▶ [To do]:
Copy the entries below word for word, minus the pictures.

▶ [Available records]:
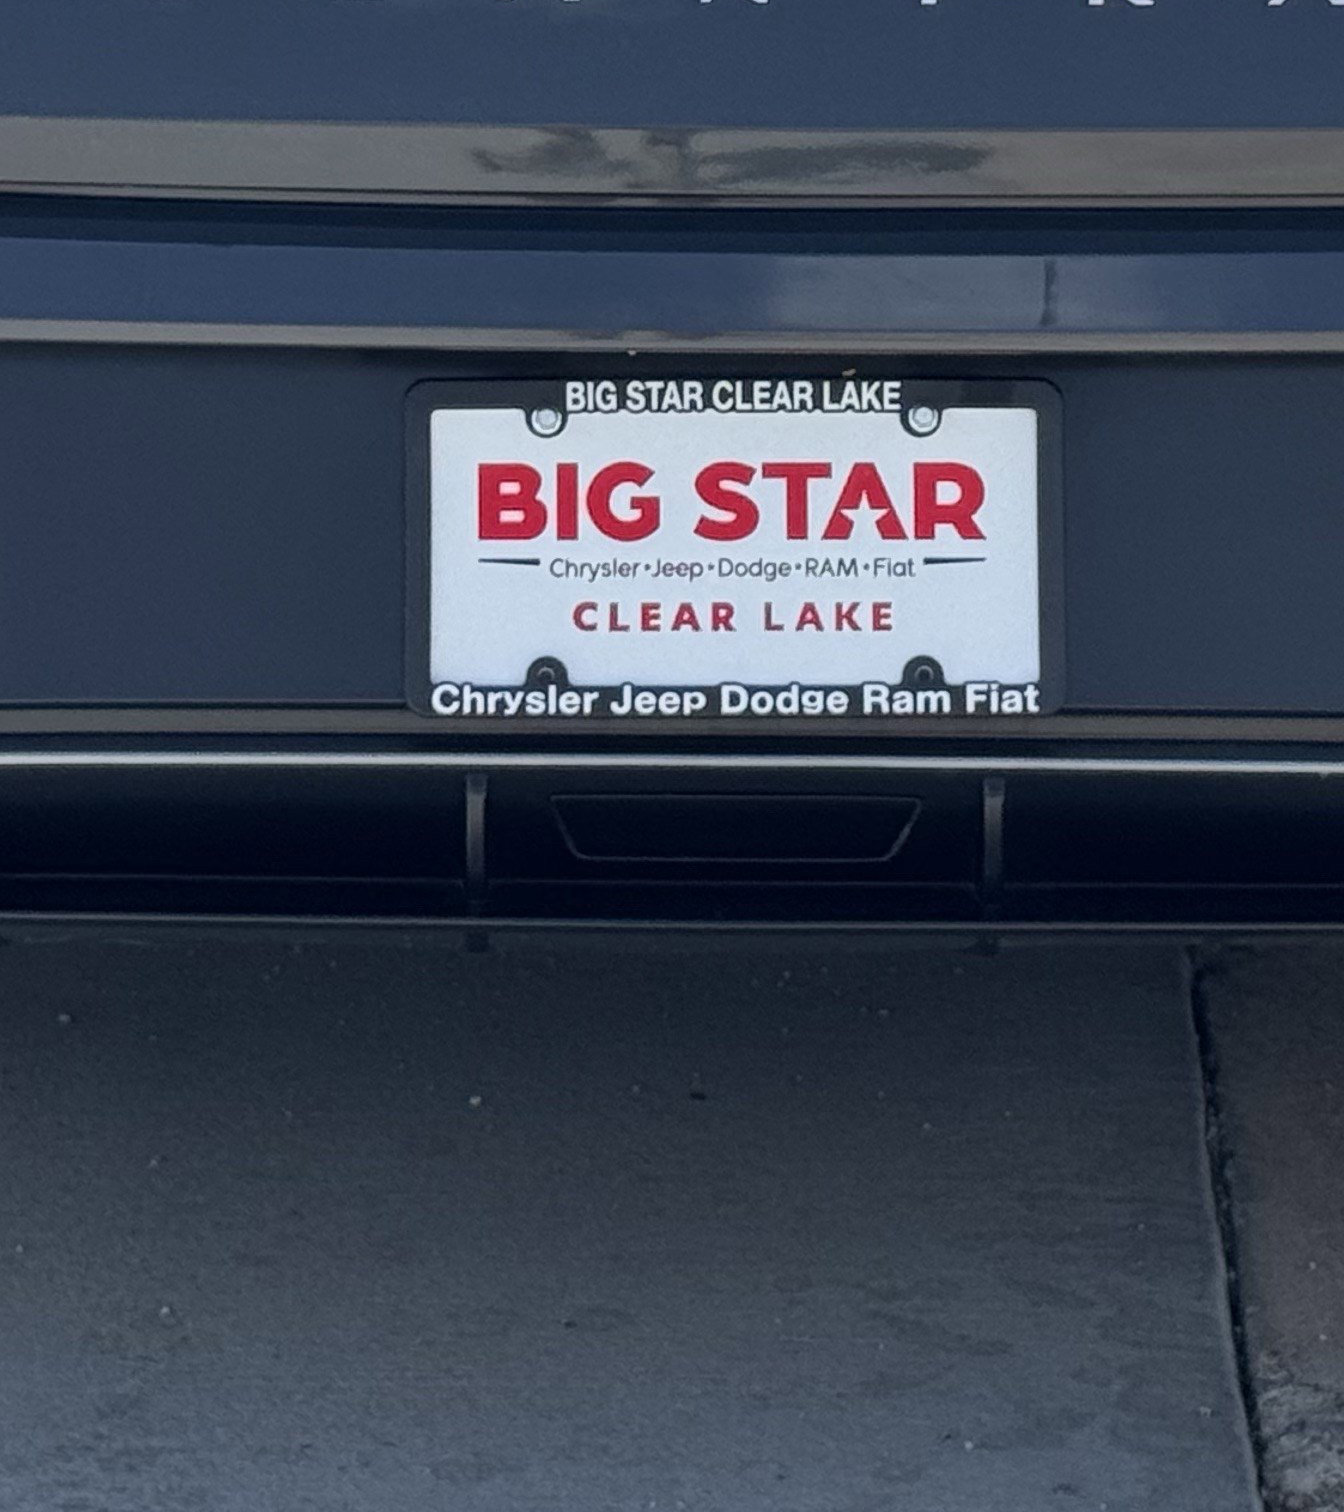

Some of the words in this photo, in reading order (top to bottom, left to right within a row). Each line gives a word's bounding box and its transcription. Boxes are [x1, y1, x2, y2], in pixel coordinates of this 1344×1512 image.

[565, 380, 618, 411] BIG
[625, 380, 704, 411] STAR
[712, 380, 814, 411] CLEAR
[822, 380, 902, 411] LAKE
[477, 462, 660, 540] BIG
[693, 462, 986, 541] STAR
[572, 601, 737, 631] CLEAR
[764, 601, 893, 631] LAKE
[431, 684, 600, 716] Chrysler
[609, 684, 707, 716] Jeep
[720, 684, 849, 715] Dodge
[862, 684, 951, 714] Ram
[965, 684, 1041, 714] Fiat

▶ [Solution to this exercise]:
Some of the words in this photo, in reading order (top to bottom, left to right within a row). Each line gives a word's bounding box and its transcription. Boxes are [x1, y1, x2, y2], in pixel coordinates of this 1344×1512 image.

[565, 380, 618, 411] BIG
[625, 380, 704, 411] STAR
[712, 380, 814, 411] CLEAR
[822, 380, 902, 411] LAKE
[477, 462, 660, 540] BIG
[693, 462, 986, 541] STAR
[572, 601, 737, 631] CLEAR
[764, 601, 893, 631] LAKE
[431, 684, 600, 716] Chrysler
[609, 684, 707, 716] Jeep
[720, 684, 849, 715] Dodge
[862, 684, 951, 714] Ram
[965, 684, 1041, 714] Fiat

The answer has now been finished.